I'm with you there...I need some of those shell trays!


----------



## xray (Jun 2, 2020)

smokerjim said:


> They sure do look good Joe



Thank you Jim!




D.W. said:


> That looks fantastic! Never tried jerk on shrimp, I'll have to give it a try. I'm convinced that I also need to get some of those taco trays...





73saint said:


> I'm with you there...I need some of those shell trays!



The stainless steel taco holders are awesome! Especially if you do a lot of soft shell, or even just tacos in general like I do.

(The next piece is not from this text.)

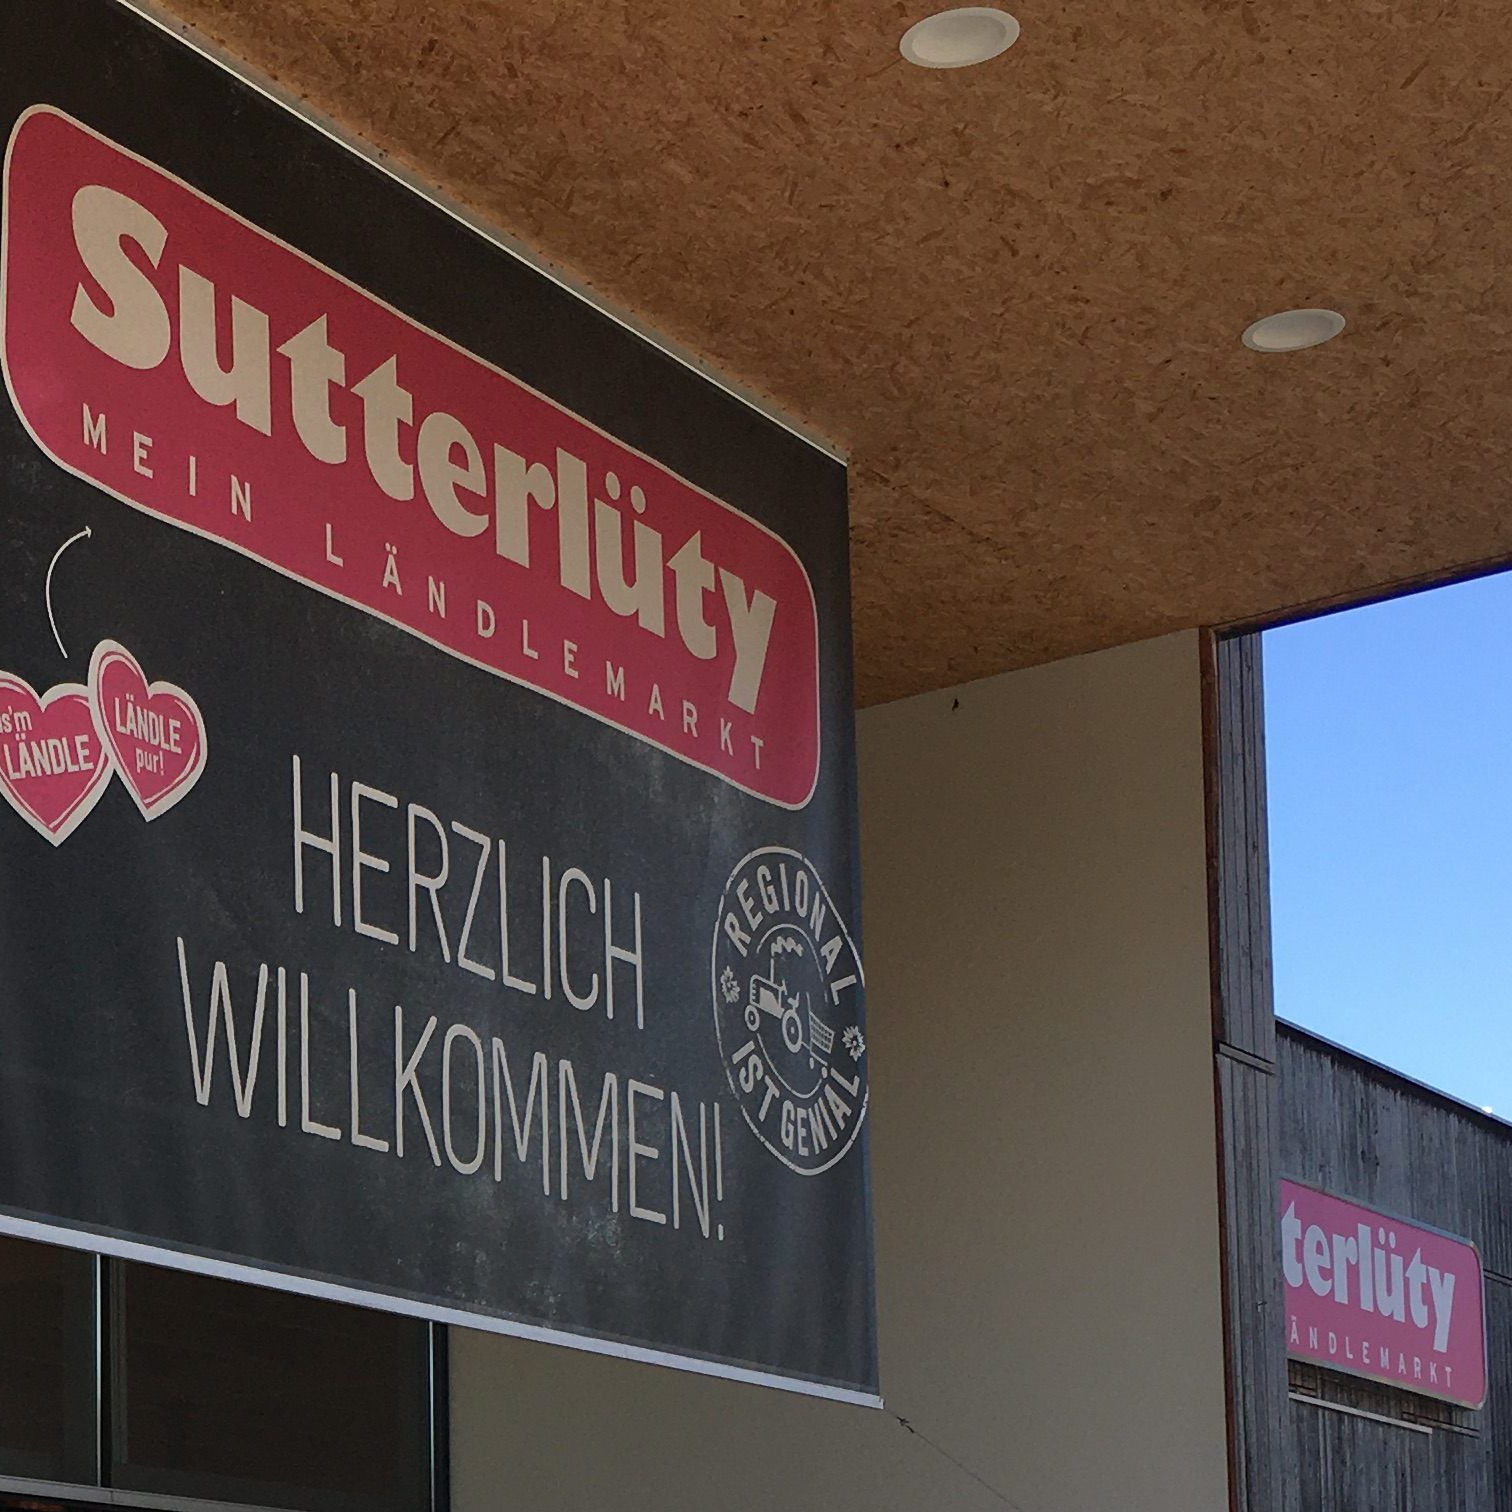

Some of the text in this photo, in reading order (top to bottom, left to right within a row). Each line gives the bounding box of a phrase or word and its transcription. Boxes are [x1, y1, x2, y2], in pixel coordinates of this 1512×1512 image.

Mine are pretty heavy guage and won’t warp in the dishwasher. I bought a 4 pack from amazon, they were less than $20.


----------



## Bearcarver (Jun 2, 2020)

Looks Great, Joe!!
Nice Job!!
Like.

Bear


----------



## xray (Jun 3, 2020)

Bearcarver said:


> Looks Great, Joe!!
> Nice Job!!
> Like.
> 
> Bear



Thank you Bear! I appreciate the like sir!


----------



## SmokinAl (Jun 3, 2020)

Those look freakin’ fantastic Joe!!!
Al


----------



## xray (Jun 3, 2020)

SmokinAl said:


> Those look freakin’ fantastic Joe!!!
> Al



Thank you Al, I appreciate it.


----------



## Smokin' in AZ (Jun 3, 2020)

Nice job Joe!

They look delicious....Love seaford whenever I can get it as Sue does not, so you know what that means.

We picked up two types of jerk dry seasoning when we were in Jamaica on our honeymoon in 2008, love that stuff.

LIKE!

John


----------



## xray (Jun 4, 2020)

Smokin' in AZ said:


> Nice job Joe!
> 
> They look delicious....Love seaford whenever I can get it as Sue does not, so you know what that means.
> 
> ...



Thanks John, I hear ya on the seafood. My wife likes it thankfully, but there’s other things I have to wait til she’s away to eat.

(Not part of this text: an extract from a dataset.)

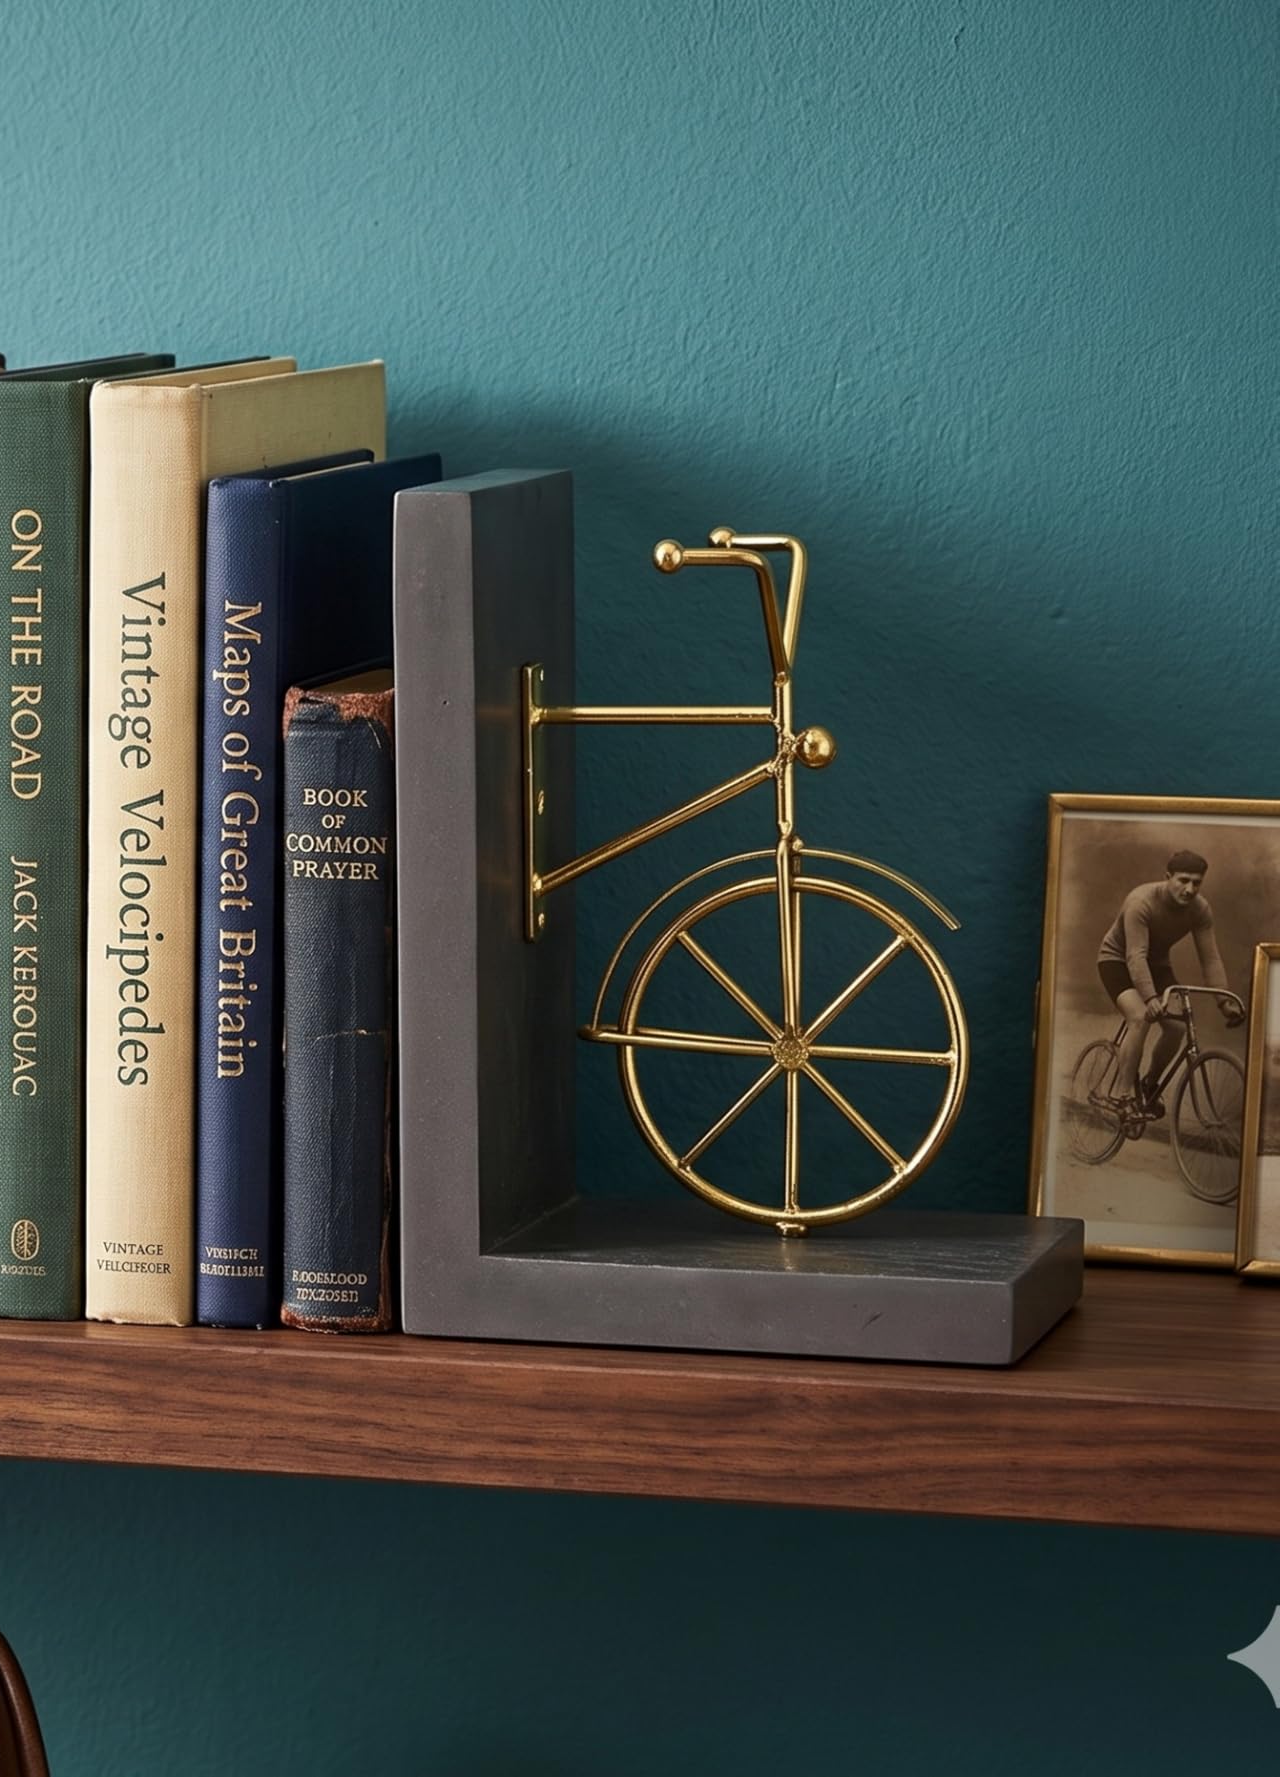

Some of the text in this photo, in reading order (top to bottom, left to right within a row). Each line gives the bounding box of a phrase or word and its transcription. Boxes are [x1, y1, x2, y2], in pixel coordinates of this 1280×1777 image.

I have a jerk rub from when she went last fall....but there’s been quite a few suggestions on this thread that look great to try.


----------



## chopsaw (Jun 4, 2020)

Looks great . Not sure I ever had jerk seasoned anything . I'll have to look into it . I like slaw on a taco . 
Nice work .


----------



## xray (Jun 5, 2020)

chopsaw said:


> Looks great . Not sure I ever had jerk seasoned anything . I'll have to look into it . I like slaw on a taco .
> Nice work .



Thanks Chop! Jerk seasoning is great for chicken, pork and shrimp. There’s so many different kinds out there and I’m looking to try a few more.

I agree with the slaw too, especially a fish taco whether it’s fried or grilled.


----------



## chopsaw (Jun 5, 2020)

xray
  you inspired me to make some tortillias . Had some left over taco meat , just had a taco on a homemade corn tortillia for lunch . WOW ! What a difference . My gosh thats good .


----------



## xray (Jun 5, 2020)

chopsaw said:


> xray
> you inspired me to make some tortillias . Had some left over taco meat , just had a taco on a homemade corn tortillia for lunch . WOW ! What a difference . My gosh thats good .



Chop the homemade tortillas make a big difference and they're not too hard to make. I still press mine between parchment paper with a clear glass pie dish so I can see the tortillas as I press it. I need to invest in a CI tortilla press. They're not terribly time consuming either. My wife helps me out when I make them, so we have a little assembly line going. 

A 5lb bag of corn masa will last you a long time, plus you'll always them when you're ready to make them.


----------



## chopsaw (Jun 5, 2020)

Huge difference.  I'm working on making a press out of wild cherry , but might get a cast iron one .


----------



## xray (Jun 5, 2020)

chopsaw said:


> Huge difference.  I'm working on making a press out of wild cherry , but might get a cast iron one .



The wood ones I’ve seen are very nice. I’d be interested to see your press when it’s finished.


----------